Pterostylis macrosepala

Scientific classification
- Kingdom: Plantae
- Clade: Tracheophytes
- Clade: Angiosperms
- Clade: Monocots
- Order: Asparagales
- Family: Orchidaceae
- Subfamily: Orchidoideae
- Tribe: Cranichideae
- Genus: Pterostylis
- Species: P. macrosepala
- Binomial name: Pterostylis macrosepala (D.L.Jones) G.N.Backh.
- Synonyms: Bunochilus macrosepalus D.L.Jones

= Pterostylis macrosepala =

- Genus: Pterostylis
- Species: macrosepala
- Authority: (D.L.Jones) G.N.Backh.
- Synonyms: Bunochilus macrosepalus D.L.Jones

Species of orchid

Pterostylis macrosepala is a plant in the orchid family Orchidaceae and is endemic to the central-west slopes of New South Wales.
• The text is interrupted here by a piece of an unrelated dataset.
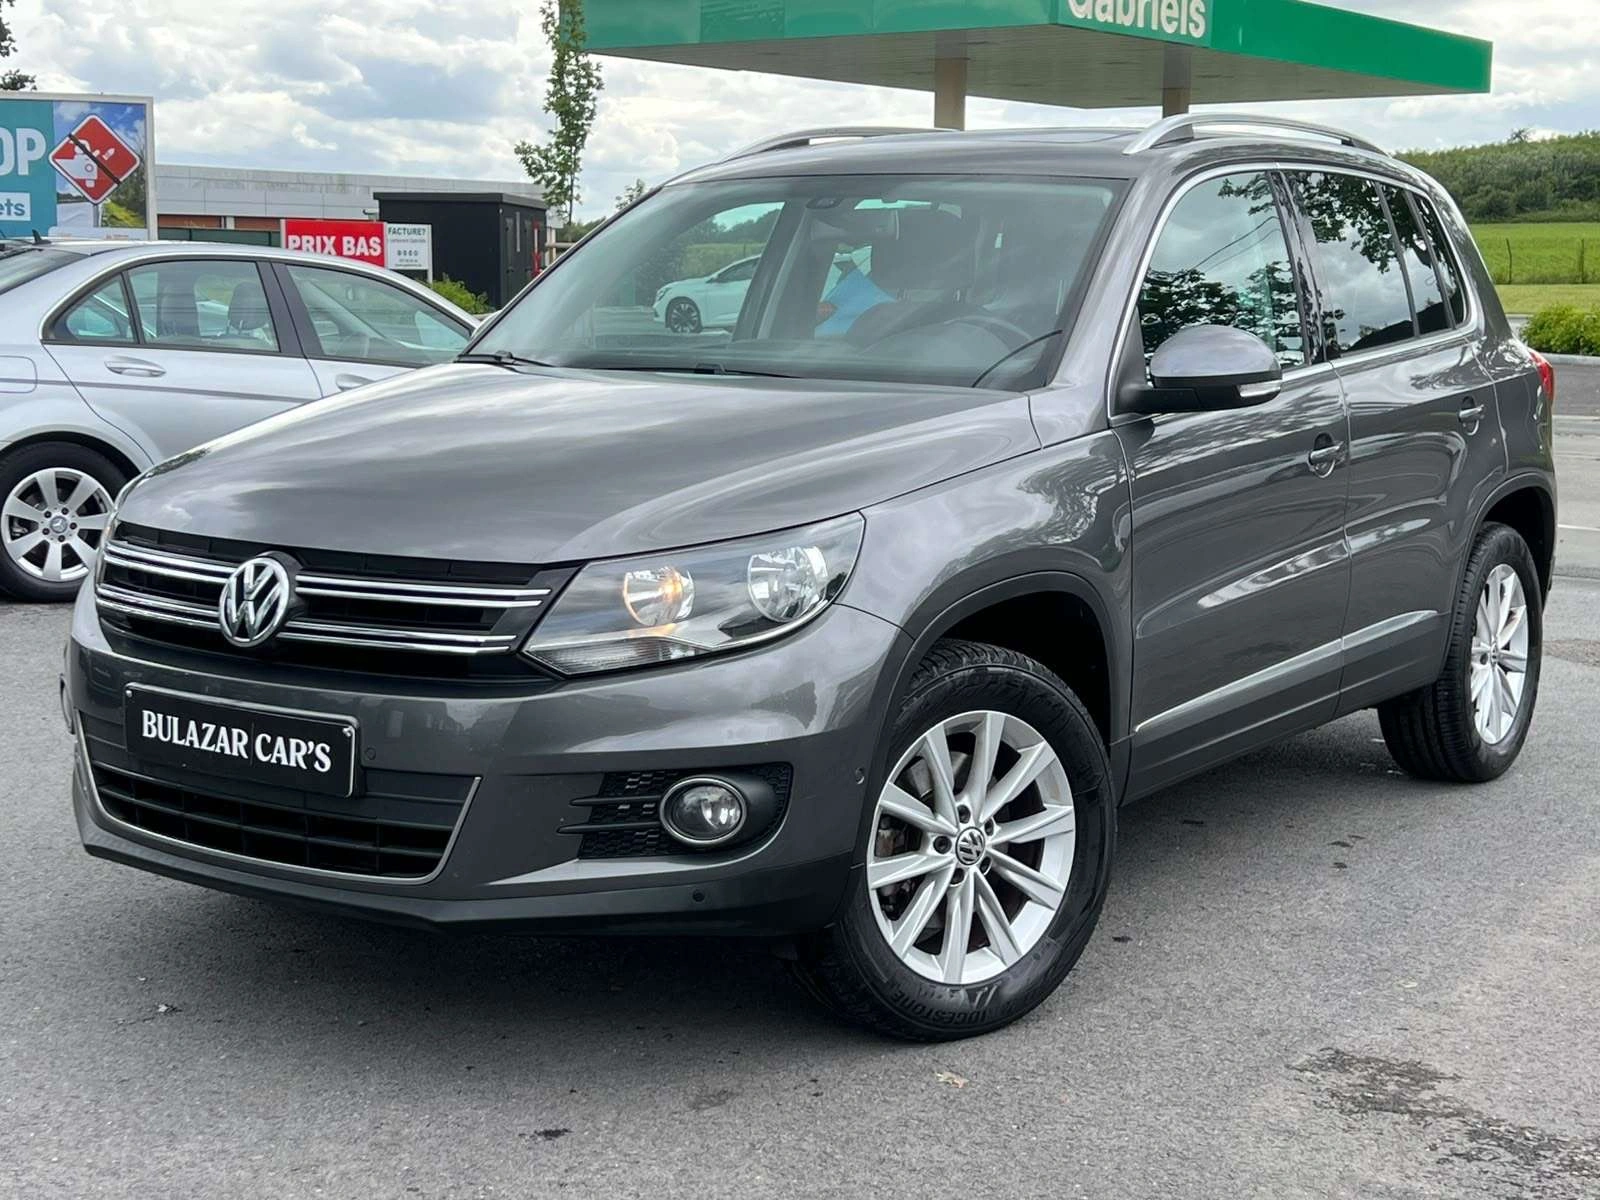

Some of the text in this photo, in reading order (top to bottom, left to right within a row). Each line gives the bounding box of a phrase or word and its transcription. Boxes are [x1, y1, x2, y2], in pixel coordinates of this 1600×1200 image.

As with similar greenhoods, plants in flower differ from those that are not flowering. Non-flowering plants have a rosette of leaves flat on the ground, but those that are flowering have up to eight translucent green flowers with narrow, dark green stripes and up to ten stem leaves.

==Description==
Pterostylis macrosepala, is a terrestrial, perennial, deciduous, herb with an underground tuber. Non-flowering plants have a rosette of between three and five, egg-shaped to lance-shaped leaves, each leaf 10-30 mm long and 5-10 mm wide with a petiole up to 8 mm long. Plants that are flowering lack a rosette but have up to eight flowers on a flowering spike 200-600 mm high with between five and ten linear to lance-shaped stem leaves that are 20-60 mm long and 3-7 mm wide. The flowers are 16-20 mm long, 10-12 mm wide and the dorsal sepal and petals are joined to form a hood called the "galea" over the column. The galea is translucent green with dark green stripes. The lateral sepals turn downwards and are 15-18 mm long, 10-12 mm wide and joined for more than half their length. The labellum is 7-8 mm long, about 3 mm wide and pale green with a blackish stripe along its mid-line. Flowering occurs from July to September.

==Taxonomy and naming==
Pterostylis macrosepala was first formally described in 2006 by David Jones and given the name Bunochilus macrosepalus. The description was published in Australian Orchid Research from a specimen collected in the Conimbla National Park. In 2010, Gary Backhouse changed the name to Pterostylis macrosepala. The specific epithet (macrosepala) is derived from the Ancient Greek word makros meaning "long" and the Neo-Latin word sepalum meaning "sepal", referring to the large fused sepals.

==Distribution and habitat==
This greenhood is only known from the Conimbla Range where it grows in open forest.